Jews Are Celebrating Chavouot

Jews from Morocco, Israel and all over the world celebrated this year the feast of “Chavouot” on Friday 29 and Saturday 30 May.

This feast is also called the Feast of Weeks, because it occurs seven weeks after Pesach, the Jewish Passover. It is also called the Feast of Harvest, because it marks the beginning of the wheat harvest season. The rabbis consider it to be a feast that celebrates the revelation of the Torah to the Prophet Moses on the mountain of Sinai, 50 days after the departure of the Jews from Egypt to escape Pharaoh’s oppression.

According to the Hebrew calendar, this festival coincides with the month of May or June, depending on the year. It is celebrated for two days during which Jews do not work and instead devote themselves to prayer and reflection on the teachings and commandments of the Jewish religion.

To celebrate this feast, Jews used to make a pilgrimage to Jerusalem to make offerings to the priests of the Holy Temple on the occasion of the harvest season.
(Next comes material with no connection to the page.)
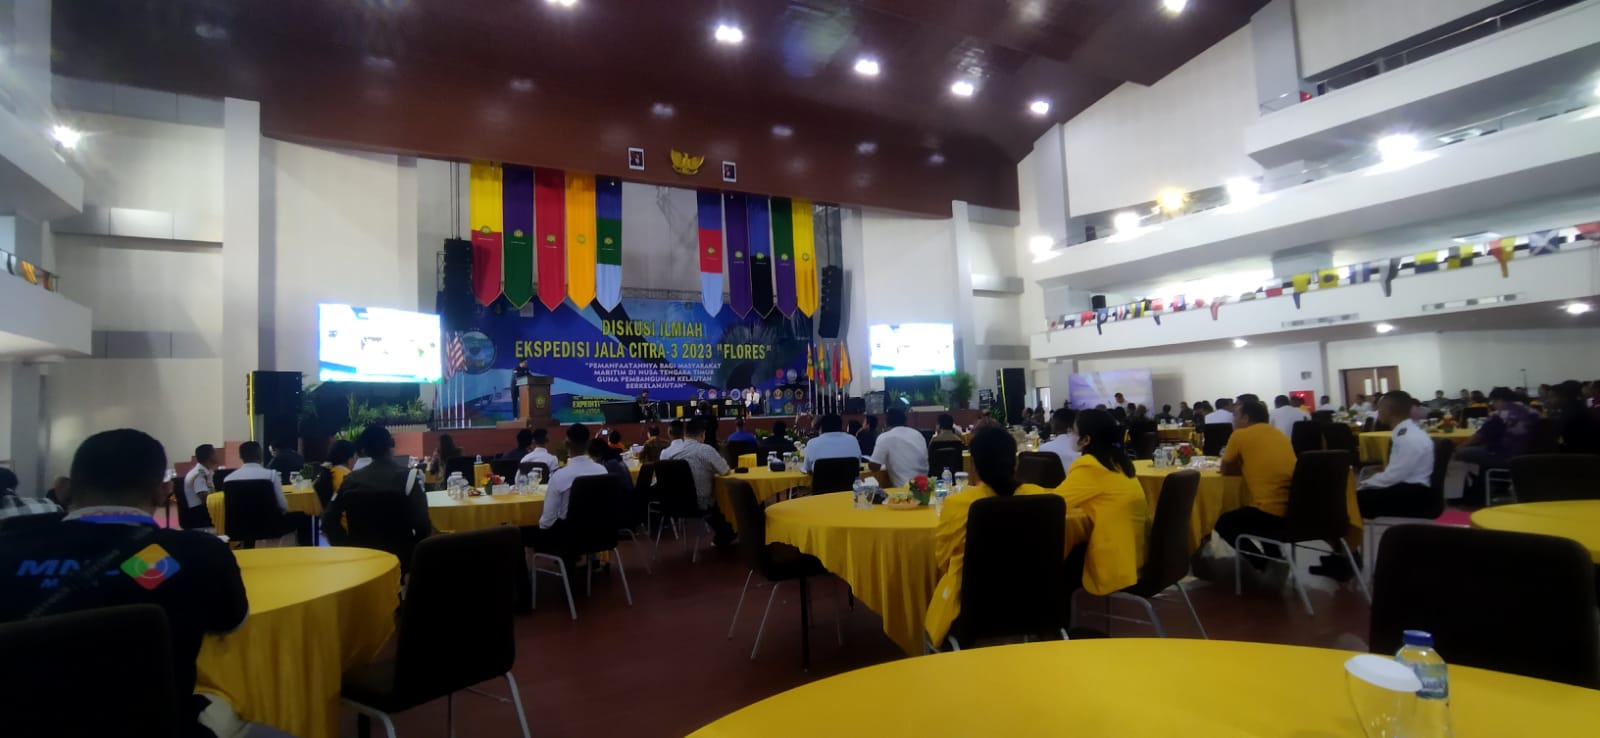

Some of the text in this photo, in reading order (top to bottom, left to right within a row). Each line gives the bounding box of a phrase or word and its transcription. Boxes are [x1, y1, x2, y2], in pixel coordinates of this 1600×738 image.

As with all the feasts they celebrated throughout the year, Jews performed special rituals during Shavuot. In addition to prayers and the reading of sacred texts, they consume only milk and dairy products, wear white clothes, adorn themselves with flowers, as well as perform special songs and recite prayers in memory of the dead. They avoid fasting and try not to have sex during this feast, although it is not clearly forbidden.